Cloning and expression of a recombinant human CBD (carbohydrate binding domain) : a comparison between two expression models

Abstract

Genetic engineering is a method that provides the production of recombinant proteins for different purposes. Nowadays there are several and commercially available expression systems aiming the production of these proteins. However, in same cases, the solubility and stability of the produced protein can be a problem, especially for eukaryotic proteins, which need post translational modifications to be biologically active. In the present work, different strategies were tested to increase the solubility of a human carbohydrate binding domain (CBD), present in laforin phosphatase. Namely, different expression systems, different hosts and fermentation conditions, the presence of additives and detergents during lyses, were used.

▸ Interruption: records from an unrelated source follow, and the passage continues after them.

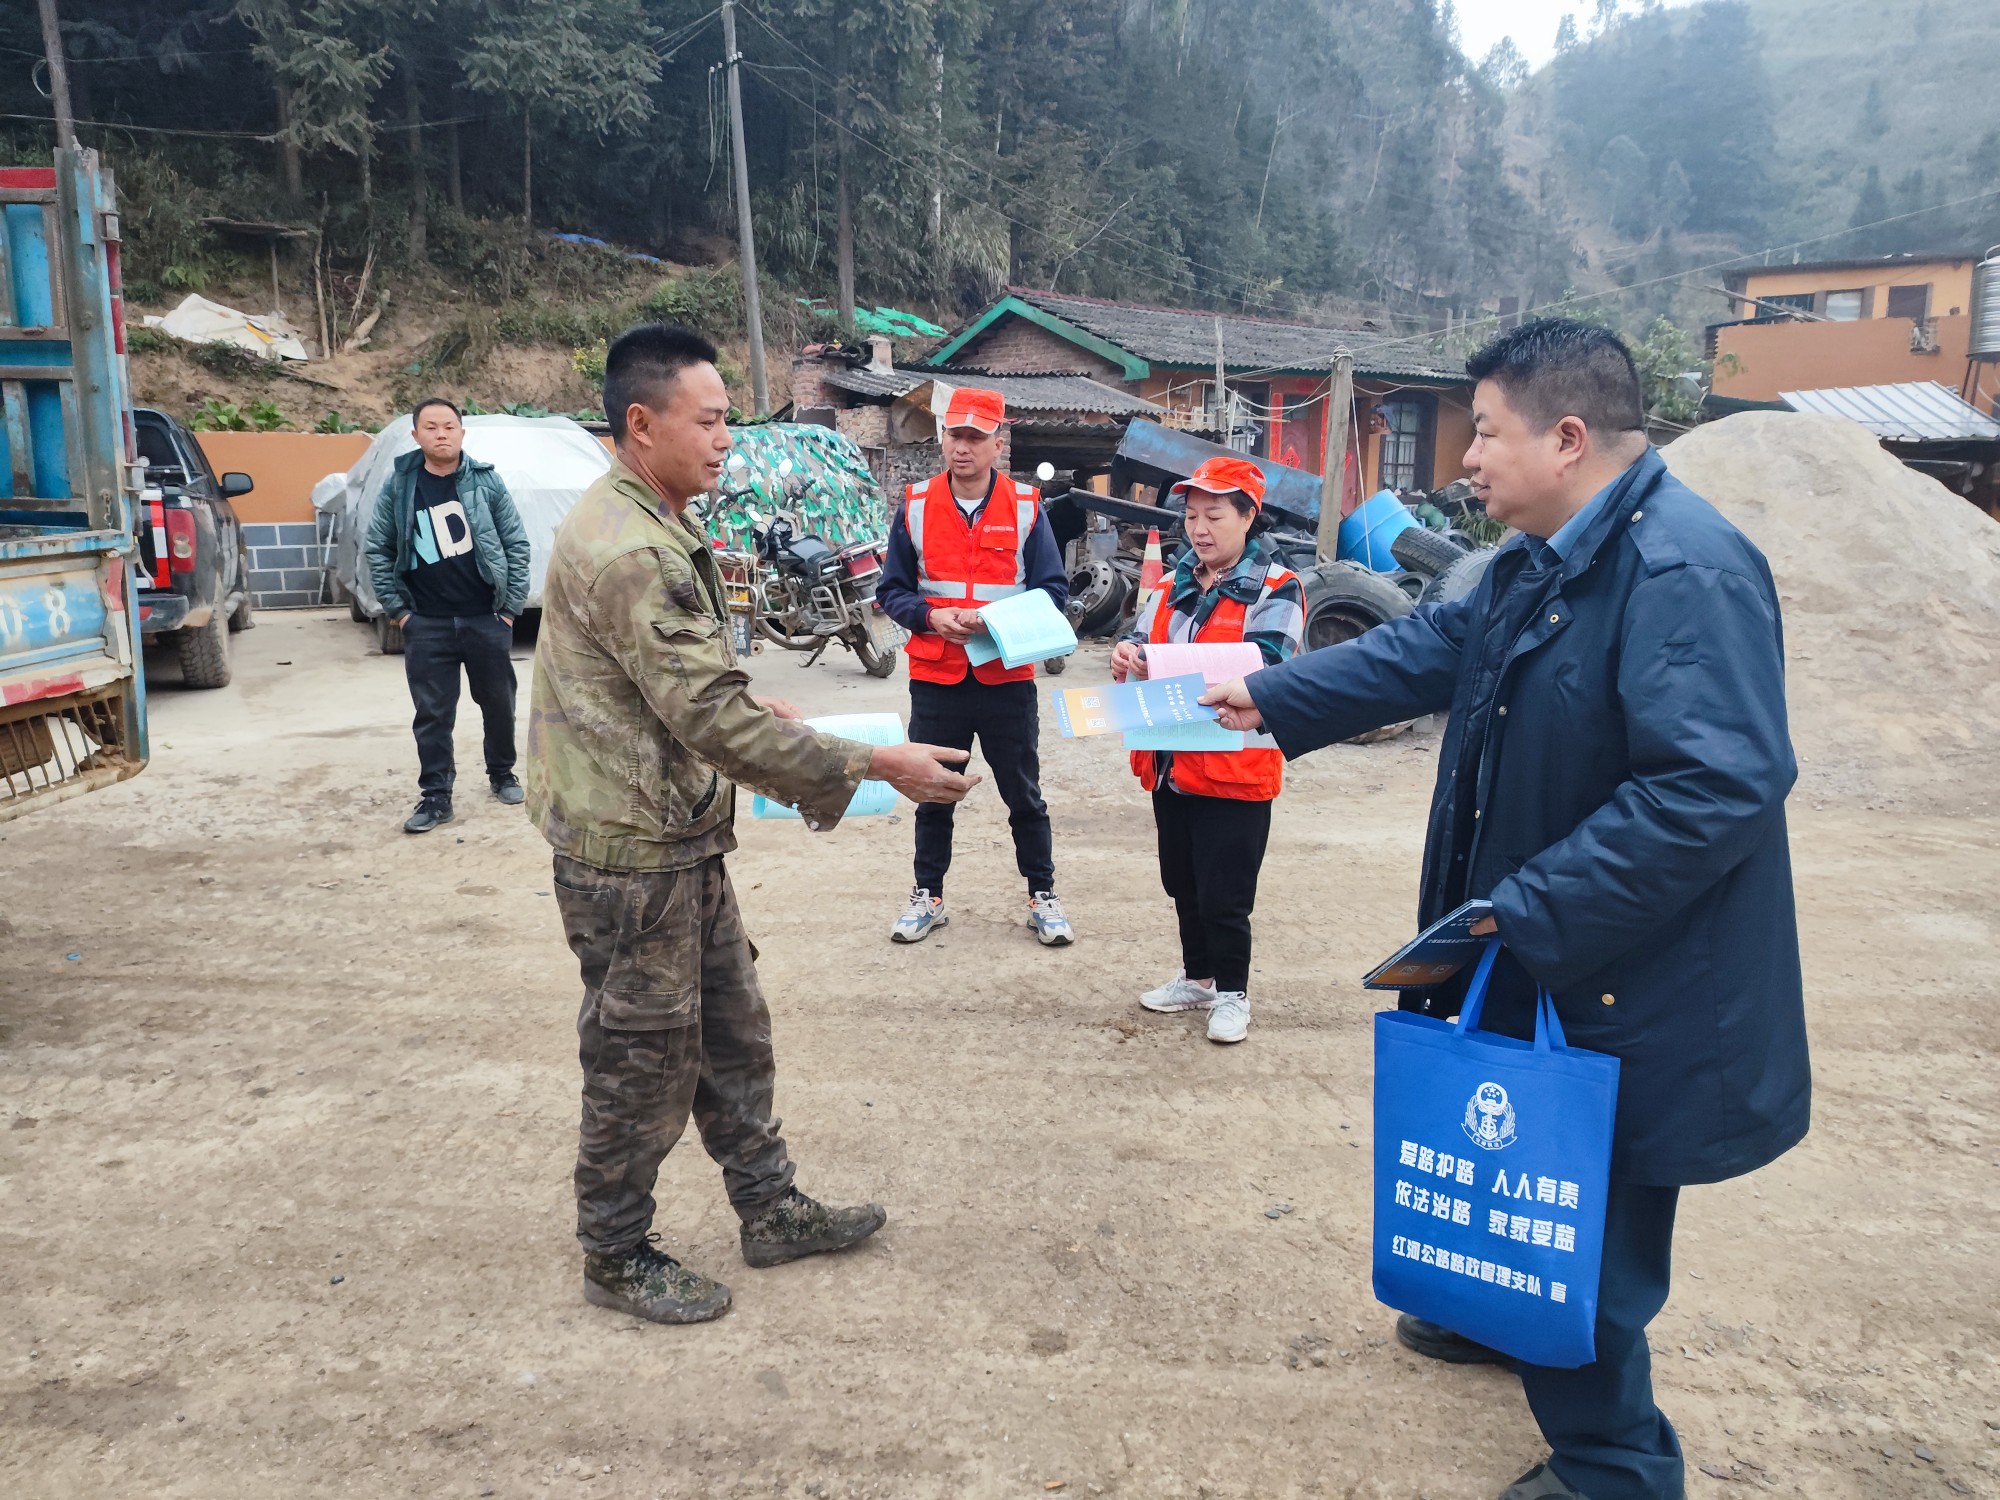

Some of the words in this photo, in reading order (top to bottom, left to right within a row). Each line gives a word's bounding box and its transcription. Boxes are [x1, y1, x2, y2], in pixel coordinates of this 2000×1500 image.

[1399, 1140, 1475, 1186] 爱路护路
[1491, 1169, 1580, 1210] 人人有责
[1395, 1179, 1472, 1226] 依法治路
[1488, 1209, 1576, 1253] 家家受益
[1391, 1235, 1542, 1297] 红河公路路政管理支队
[1550, 1281, 1567, 1304] 宣
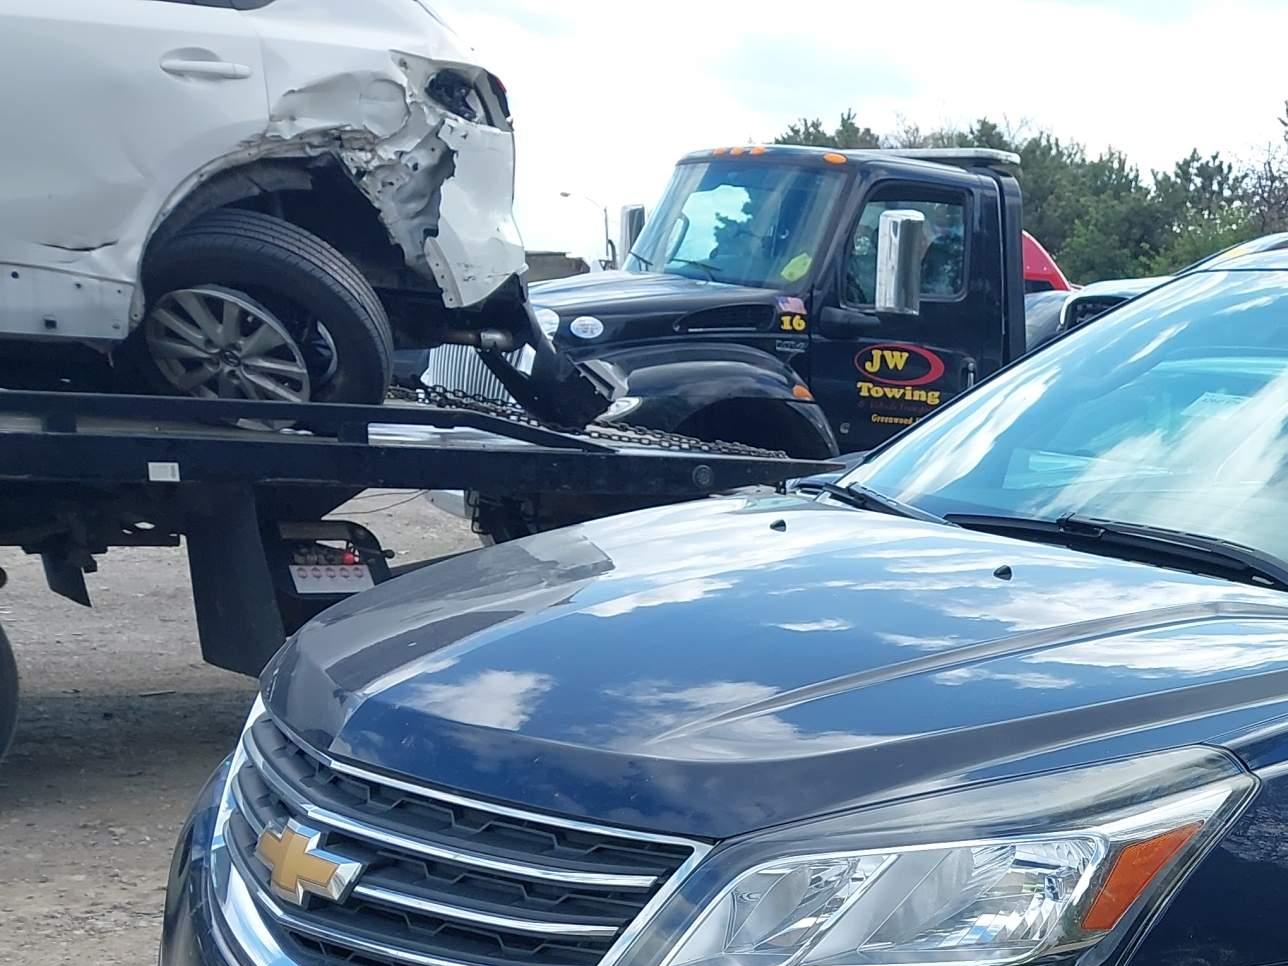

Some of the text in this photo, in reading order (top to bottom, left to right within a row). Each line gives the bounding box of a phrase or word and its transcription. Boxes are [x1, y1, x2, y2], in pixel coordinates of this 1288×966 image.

The DNA coding sequence was cloned by PCR into three prokaryotic expression systems: pET 29a, pET 25b; and two eukaryotic systems: pGAPZaC and pPICZaC. The CBD was expressed at high level in pET system. In pET29a the CBD protein was obtained in inclusion bodies. In pET25b, a small amount of soluble protein was obtained in the presence of arginine and CHAPS, in the lyses buffer. Although a soluble recombinant protein was obtained, it was not stable in solution, aggregating easily. On the other hand, the utilisation of two expression systems of Pichia pastoris led to the production of soluble and stable CBD in extra cellular medium; however, this CBD was obtained at low expression level and its activity was not confirmed.